Task to carry out – Repeat every entry word for word, skipping the pictures.

-------

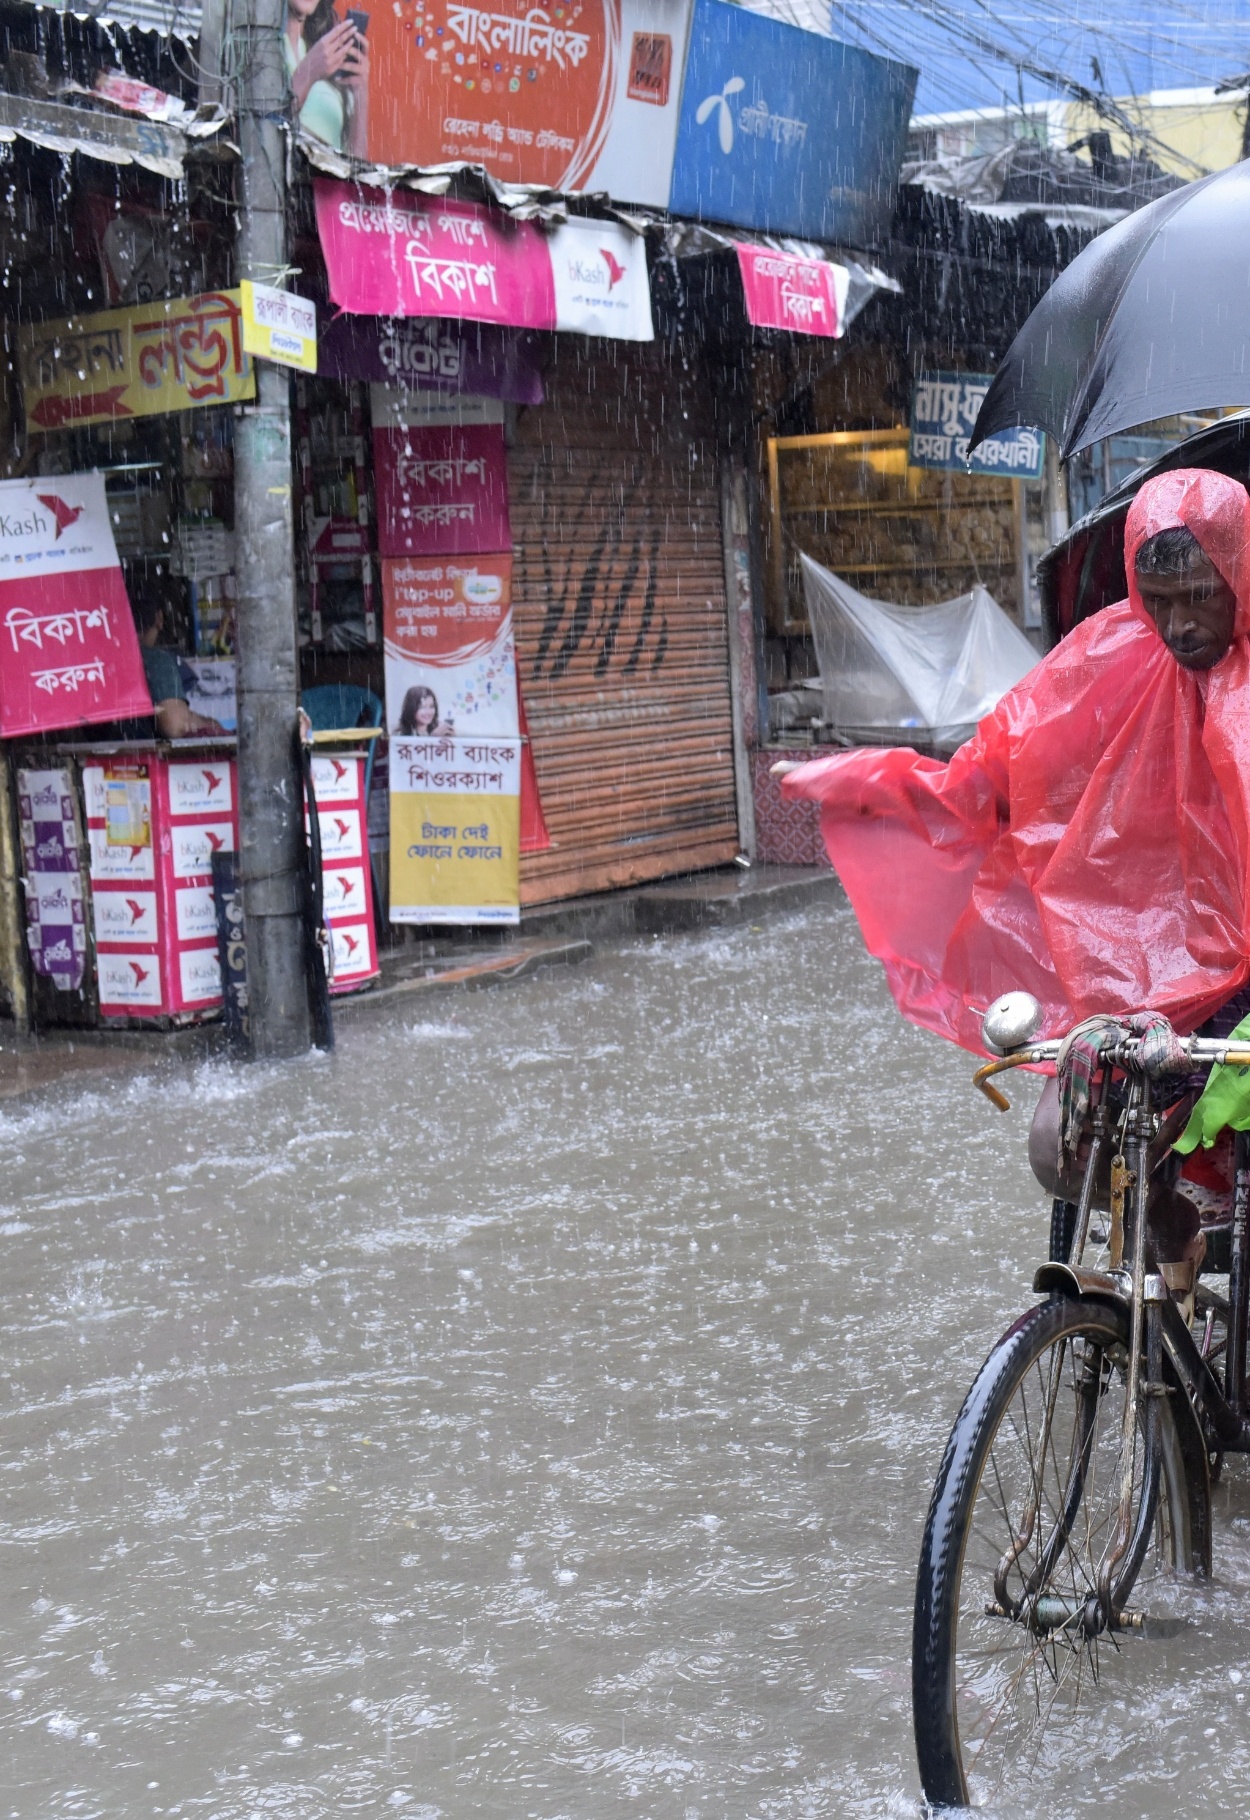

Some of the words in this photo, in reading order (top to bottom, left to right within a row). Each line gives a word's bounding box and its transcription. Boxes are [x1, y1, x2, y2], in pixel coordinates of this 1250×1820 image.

[447, 3, 590, 69] বাংলালিংক
[339, 201, 432, 238] প্রয়োজনে
[438, 216, 488, 248] পাশে
[404, 241, 498, 305] বিকাশ
[567, 259, 605, 284] bKash
[780, 281, 826, 324] বিকাশ
[913, 433, 952, 461] সেরা
[397, 453, 486, 487] বিকাশ
[413, 503, 475, 526] করুন
[3, 606, 112, 653] বিকাশ
[30, 658, 106, 695] করুন
[397, 738, 455, 762] রূপালী
[463, 746, 515, 764] ব্যাংক
[408, 765, 503, 790] শিওরক্যাশ
[421, 822, 457, 839] টাকা
[462, 823, 489, 841] দেই
[407, 845, 451, 860] ফোনে
[457, 845, 502, 860] ফোনে

-------

Task answer –
Some of the words in this photo, in reading order (top to bottom, left to right within a row). Each line gives a word's bounding box and its transcription. Boxes are [x1, y1, x2, y2], in pixel coordinates of this 1250×1820 image.

[447, 3, 590, 69] বাংলালিংক
[339, 201, 432, 238] প্রয়োজনে
[438, 216, 488, 248] পাশে
[404, 241, 498, 305] বিকাশ
[567, 259, 605, 284] bKash
[780, 281, 826, 324] বিকাশ
[913, 433, 952, 461] সেরা
[397, 453, 486, 487] বিকাশ
[413, 503, 475, 526] করুন
[3, 606, 112, 653] বিকাশ
[30, 658, 106, 695] করুন
[397, 738, 455, 762] রূপালী
[463, 746, 515, 764] ব্যাংক
[408, 765, 503, 790] শিওরক্যাশ
[421, 822, 457, 839] টাকা
[462, 823, 489, 841] দেই
[407, 845, 451, 860] ফোনে
[457, 845, 502, 860] ফোনে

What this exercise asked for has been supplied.